VIDAS EJEMPLARES
Periódicos
Es muy difícil explicar la química de una buena redacción
Lo que diferencia a un periódico de una fábrica de yogures es la implicación emocional con una idea, una forma de ver el mundo, que define un editor, ejecuta un director y comparten los periodistas. Cuando esa fórmula tan sencilla funciona, no hay hábitat mejor ni más interesante que la Redacción de un diario, ni tampoco máquina de pensar más eficaz. Tal vez por eso, muchas noches, los periodistas –en los que incluyo a fotógrafos, infografistas, diseñadores– nunca acaban de marcharse a casa. Con la tarea ya hecha, remolonean: un poco de plática, una corrección o un cotilleo, una broma o un galanteo, un reproche o una esperanza. Atrapados por una magia inasible, deambulan como si fuesen los personajes de «El ángel exterminador» de Buñuel, que no podían salir de su habitación, cuando aparentemente nada lo impedía. A veces he pensado que los periodistas no quieren irse a casa porque acaban considerando la redacción su hogar real. Un microcosmos donde hay más vida que en la vida. Igual aciertan.
Hoy las demandas del periodismo instantáneo de internet han atornillado a los periodistas a sus pantallas, un esfuerzo necesario, que ha logrado que los periódicos sigan vigentes en los soportes del siglo XXI. Los tiempos de ocio y bohemia han menguado. Recuerdo cuando llegué a mi primer periódico (un diario compostelano decimonónico, del que me despidieron en prácticas por tener la mala –o buena– idea de hacer un dibujillo del director con cuerpo de tigre, o más bien tigretón). Una capota de humo cubría la sala. Los gin-tonic aparecían por ensalmo al caer la tarde. Alguno tecleaba en pantuflas de paño. Los periódicos del siglo XX eran cantera de extravagantes. También de sabios pobres, cerebros brillantes, de un enciclopedismo a lo Borges, pero aparcados en los andenes del tren del éxito, resignados a desasnar a los principiantes y aportar memoria y buen juicio al enésimo nuevo jefe, que bullía eléctrico e inseguro.
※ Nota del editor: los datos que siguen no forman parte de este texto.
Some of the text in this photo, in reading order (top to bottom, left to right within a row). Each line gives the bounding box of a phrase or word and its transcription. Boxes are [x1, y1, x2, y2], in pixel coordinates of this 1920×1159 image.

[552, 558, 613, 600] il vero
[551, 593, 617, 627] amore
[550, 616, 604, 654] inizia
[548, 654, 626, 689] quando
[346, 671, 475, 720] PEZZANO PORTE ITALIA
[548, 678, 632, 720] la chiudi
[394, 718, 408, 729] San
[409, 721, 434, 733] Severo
También había poetas, gente de un lustre raro y esquinado, capaces de convertir un pie de foto en un acontecimiento.
En una de sus canciones, Neil Young deja caer esta frase: «Hay un montón de cosas que aprender del tiempo malgastado». Eso es. Una perfecta fábrica de tornillos nunca será un buen periódico. En las redacciones no existe el tiempo malgastado, porque al final son un estado de ánimo, que necesita extravagantes, sabios aparcados en su pequeño fracaso, poetas.
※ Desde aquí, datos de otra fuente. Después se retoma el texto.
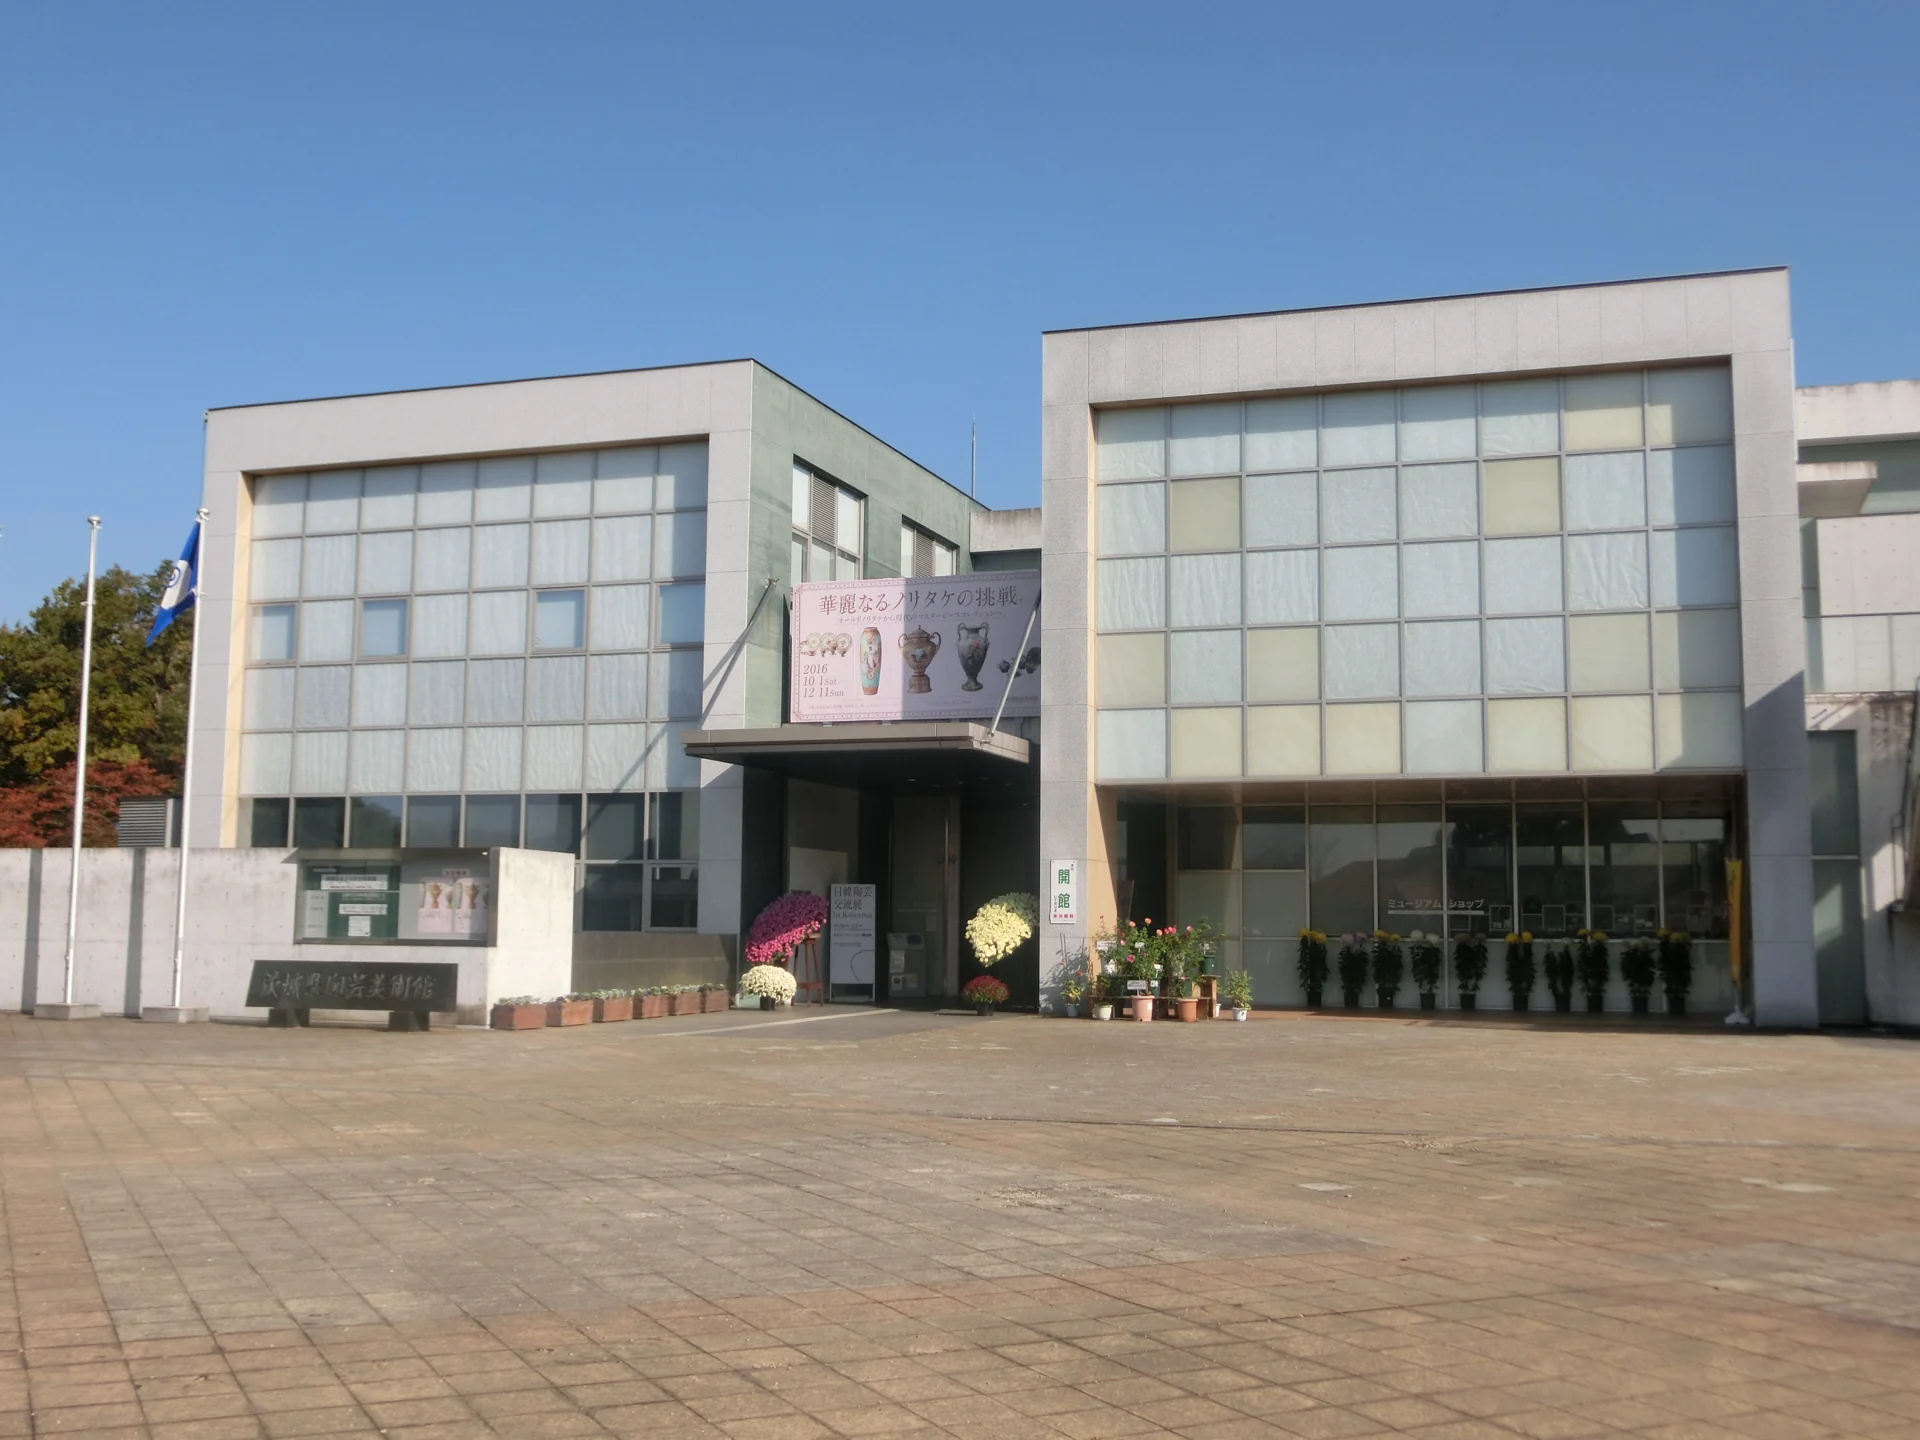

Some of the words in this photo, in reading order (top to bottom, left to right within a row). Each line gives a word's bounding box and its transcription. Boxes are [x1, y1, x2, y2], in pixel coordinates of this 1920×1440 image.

[819, 585, 1017, 614] 華麗なるノリタケの挑戦
[803, 664, 828, 674] 2016
[804, 676, 815, 686] 10
[804, 687, 815, 698] 12
[834, 886, 873, 898] 日韓陶芸
[1058, 869, 1070, 908] 開館
[834, 898, 862, 910] 交流展
[1388, 899, 1442, 909] ミュージアム
[1449, 899, 1484, 909] ショップ
Me gustaba José Miguel Santiago Castelo, que se murió el viernes demasiado pronto, porque creo que entendía todo eso y hasta lo hizo vida y arte. Sabía que trabajar en un periódico como ABC no es un trabajo, sino más bien un disfrutable privilegio, guardaba lealtad a su familia editora, mantenía el culto a una frase bien escrita y conocía el valor relativo de lo inmediato. Sabía reírse demasiado alto y dar abrazos tipo apisonadora. Entendía que –tal vez– los periodistas de los viejos periódicos somos actores del cine mudo viviendo con dignidad crepuscular la llegada del sonoro. Unos aprenderán a hablar. Otros no, pero siempre podrán rebobinar su vieja película, aquella en la que el periodismo era simple y llanamente el oficio más bonito del mundo.